If you have traded in a fishbowl for a freshwater tank, you'd probably be thinking about taking the next step: A saltwater marine aquarium. A nice looking aquarium with a good mix of fish and corals sounds just about right perhaps?
Called a community reef tank, this underwater world can be filled with saltwater fish species like Clownfish, Goby and Tangs. With an aquascape lined with corals and rocks, it would look good in any corner of a room.
Ready to take the plunge? Before you do, take a look at the items needed and a bit of basics to help you along the way.
The first thing you'll want to do is to plan your setup. Besides finding a right corner for the tank, determine the type of tank and the required dimensions. One of the secrets of a successful saltwater aquarium: Bigger is always better.
What type of fish do you want? Will you be getting live rocks? Or perhaps just corals? Make these decisions before moving on, as this will influence the rest of the tank.
Give some thought to the lighting system too. Proper lighting is vital as corals are photosynthetic creatures and need light to survive. Check with the guy in the store (when you finally head to the store) and get one suited for your idea of a marine aquarium.
Now comes the shopping part. All-in-one aquariums are a quick and easy way to get started. A DIY requires you to buy each piece of equipment separately and then assemble it as best as you can.
For those just starting out, the all-in-one is a straightforward way to go. Alternatively, you can start building your aquarium with just a tank and a powerhead to create flow and build up your equipment from there.

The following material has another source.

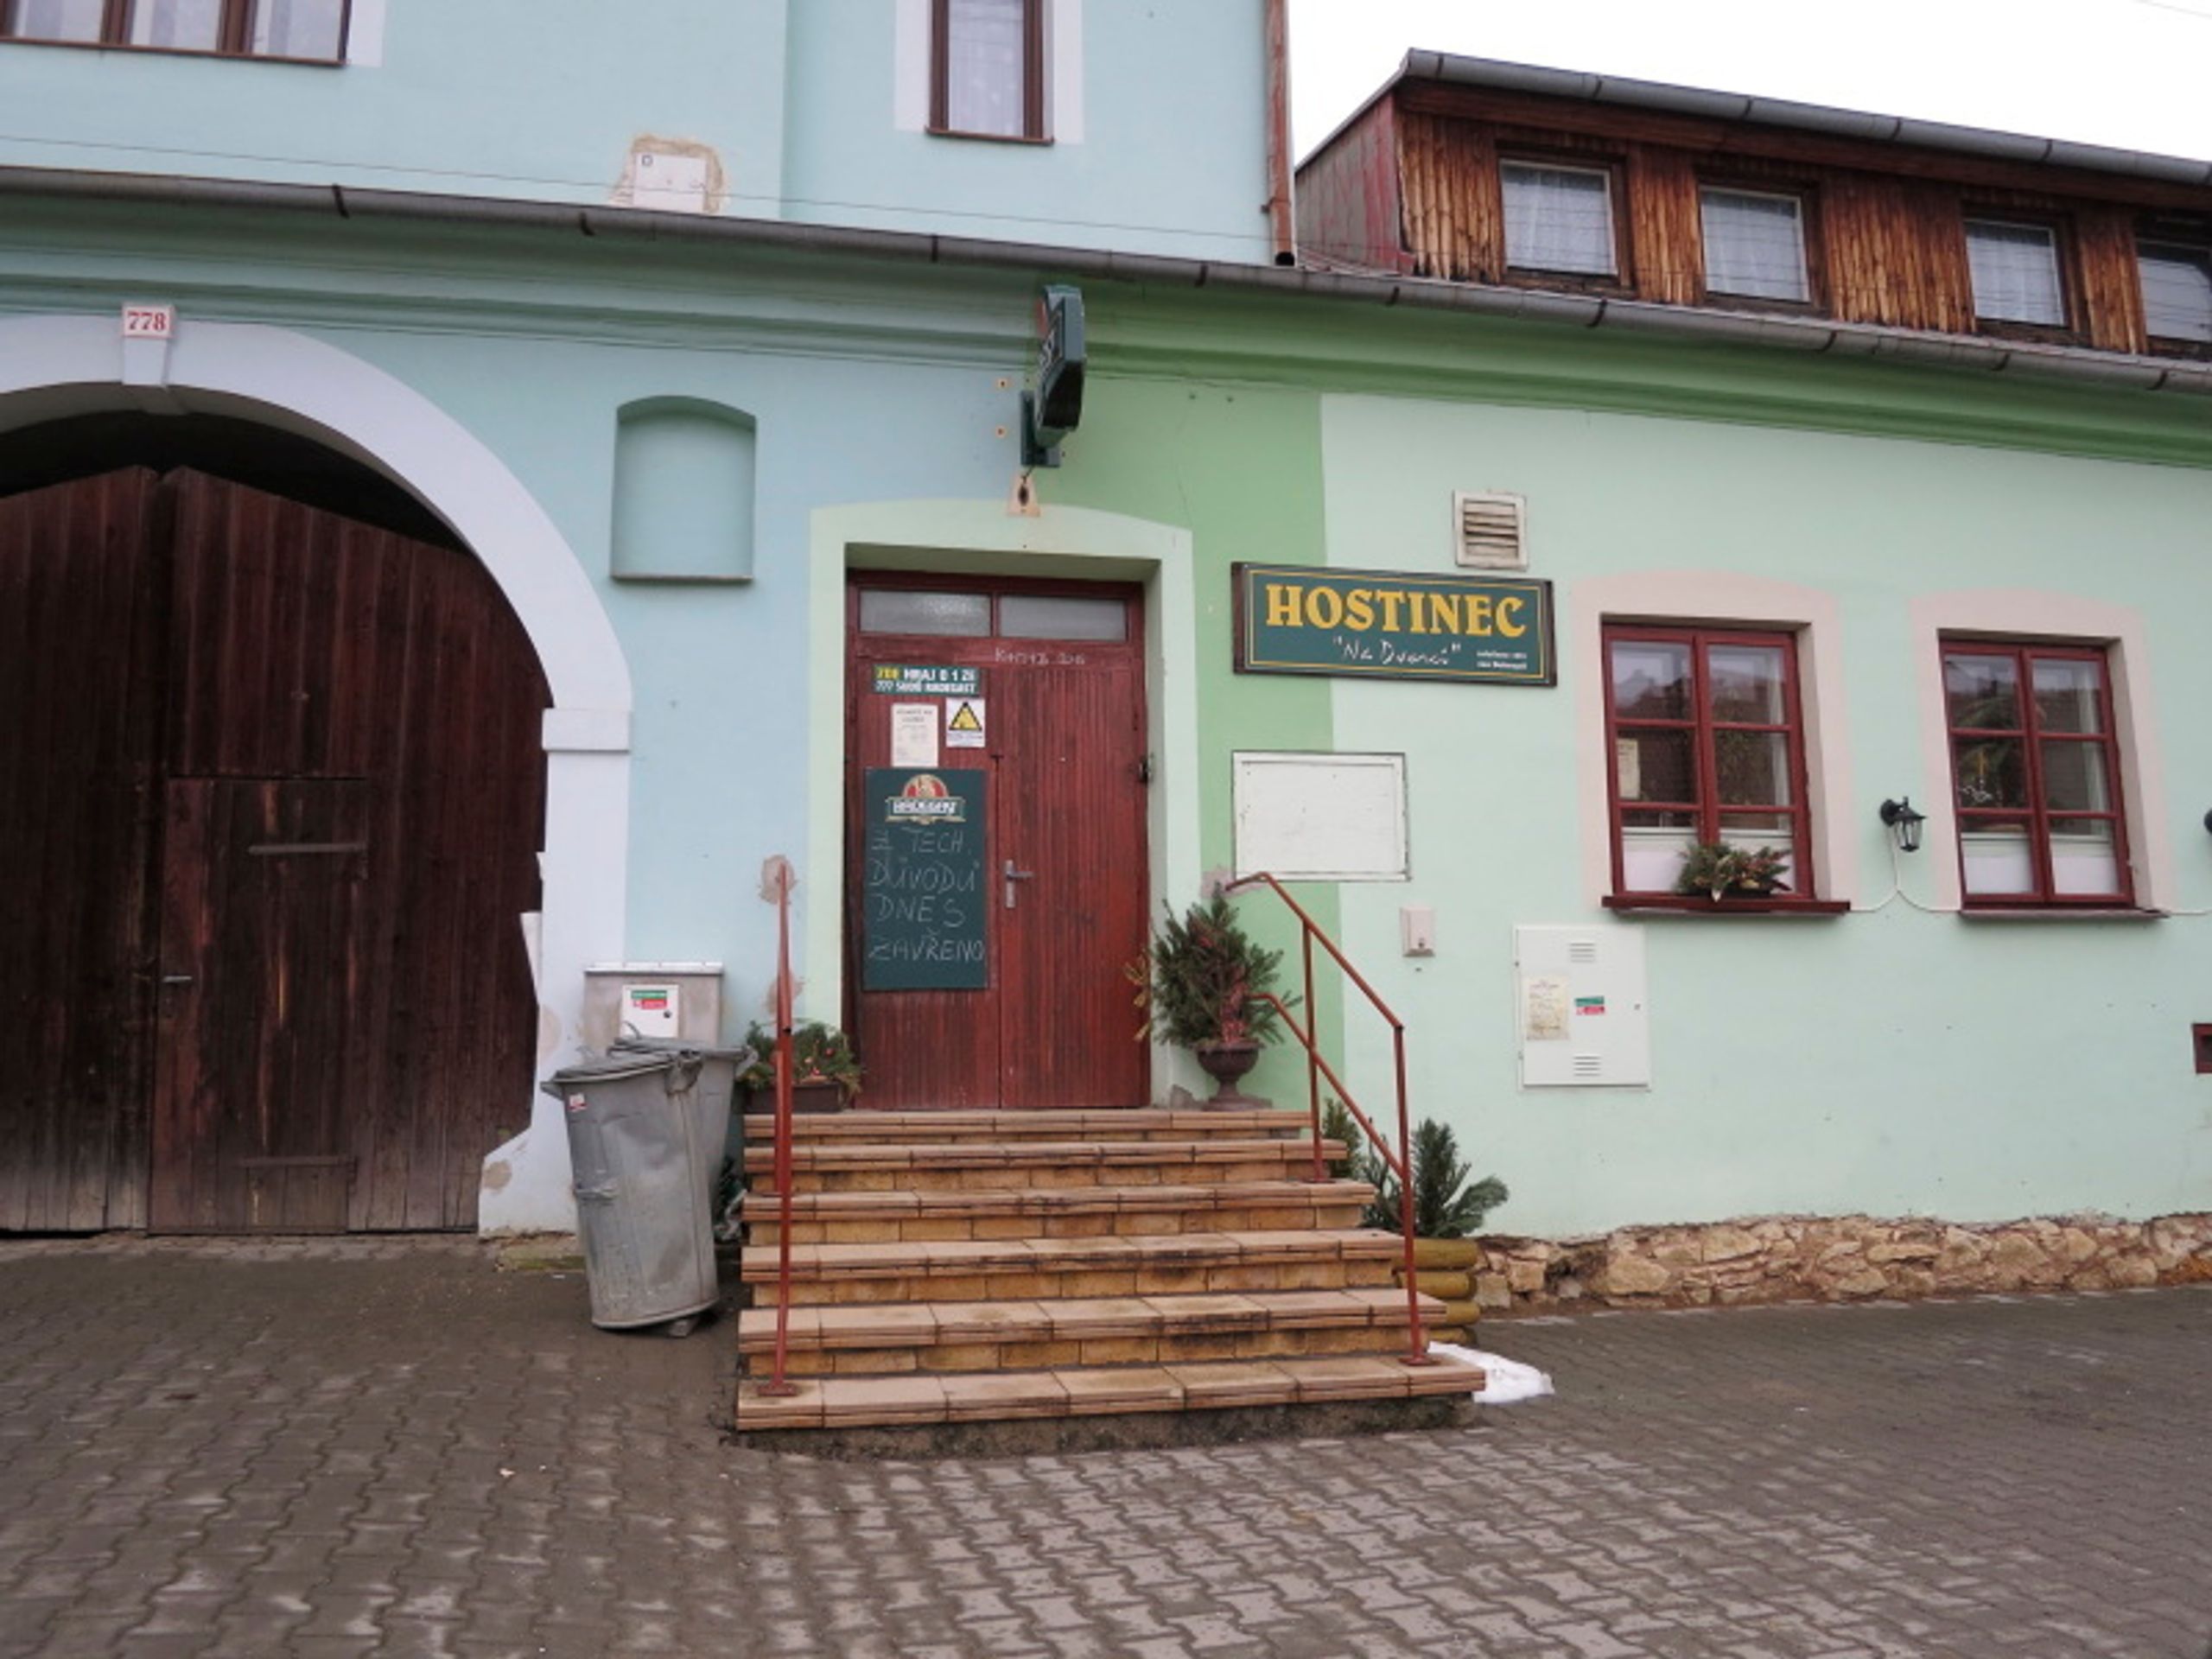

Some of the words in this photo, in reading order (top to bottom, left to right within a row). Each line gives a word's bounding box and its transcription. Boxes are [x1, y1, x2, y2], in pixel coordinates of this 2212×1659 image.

[127, 310, 166, 331] 778
[1265, 583, 1527, 639] HOSTINEC
[871, 893, 967, 929] DNES
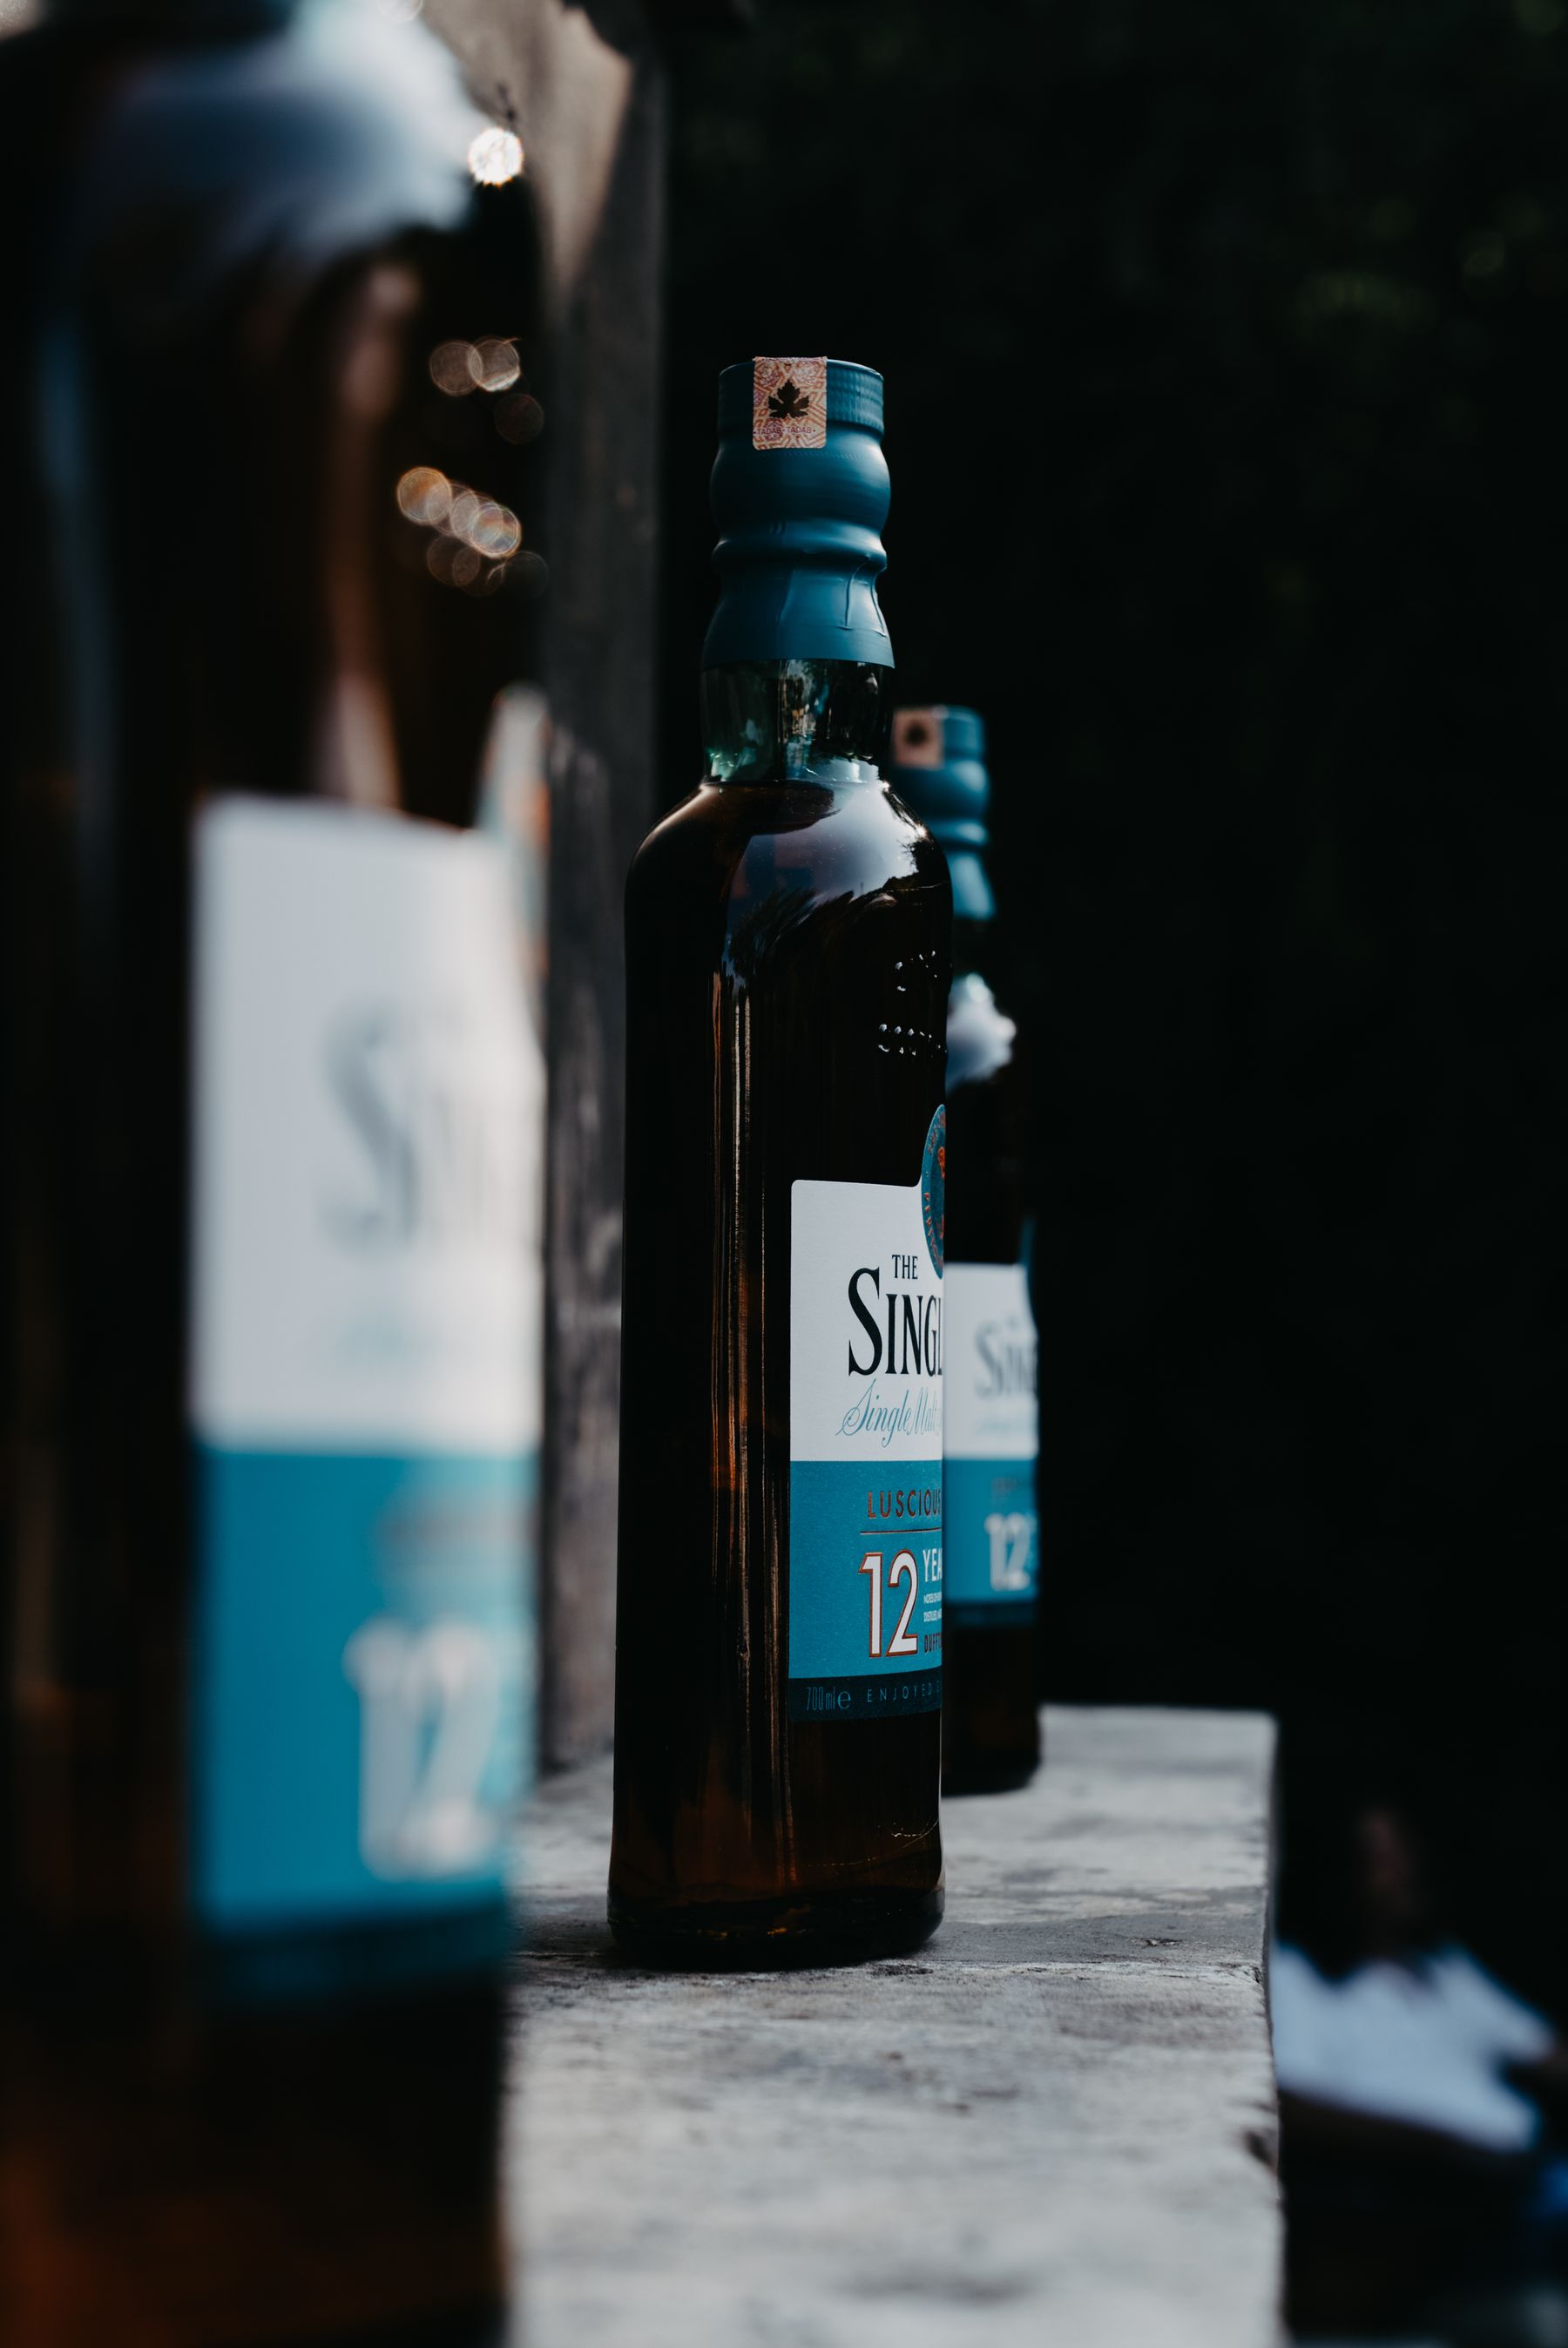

Before going any further, be sure to clean your tank and equipment, even if it is brand new. Once everything is clean, check your tank for leaks. Fill it with a couple of centimeters of water, come back later and look for signs of any leaks.
More Choices Ahead
It's now time to fill your tank. The very first thing to go in would be your substrate. By now, you would have decided on exactly which type of substrate to use – soft sand or crushed coral.
Whichever one you choose, you'll need about 20 – 45 kgs of substrate in a 190 ltr tank to fill about 2 -5 cm of the bottom of the tank. Rinse your substrate to ensure you get rid of any dust particles.
Once you're pouring the rest of the substrate in, think about how you would like to arrange it. Would you like it consistently levelled, or would you prefer to have some areas raised?
Water, Water Everywhere
You're now ready to add water to your tank. Saltwater is made by mixing reverse osmosis de-ionised water (RODI), and aquarium salt.
You can also use solutions to treat your water. You'll also need to add salt mixes, which you can purchase from pet shops. Once that's done, add in some de-chlorinator, and you're good to go.
After fitting in a filter, it's time to show off your creative side with plants, driftwood and more corals.
Check the powerhead at this stage. Flow is an essential part of a healthy tank and depending on the size of the tank, consider if the powerhead is creating sufficient water movement in the tank.
Your tank is just about ready, but it is not entirely safe for your fish yet. You'll need to cycle the tank to build up bacterial cultures to detoxify the wastes created later by your fish.
One way to cycle the tank is to use ammonia. Another preferred method is to use live rocks as these hold already developed cultures of bacteria. Live rock also plays a role in a tank environment as they provide ample shelter or places where the animals can hide, sleep, and avoid potential problems.
Then to find out if things are working in your favour, test the water in the tank. Without testing, it's challenging to know what's going on inside your tank. Aquarium test kits are relatively inexpensive, and every time you test your water, you can correct any imbalances in water chemistry.
So far, this entire process would have taken anywhere from three to eight weeks.
It's finally time to add some livestock! Start gradually with corals, invertebrates, then fishes. Add them over a few weeks or, even a few months.
Some fish can be sensitive to water conditions. As such, it's best to acclimatise them to the water in your tank first. Keep an eye on them to ensure that they still swimming merrily. And remember, not all creatures are compatible with each other.
Also, don't overcrowd your tank, as you might find yourself having to start the nitrogen cycle all over again.
Now it's time to sit back and enjoy your exquisite underwater world.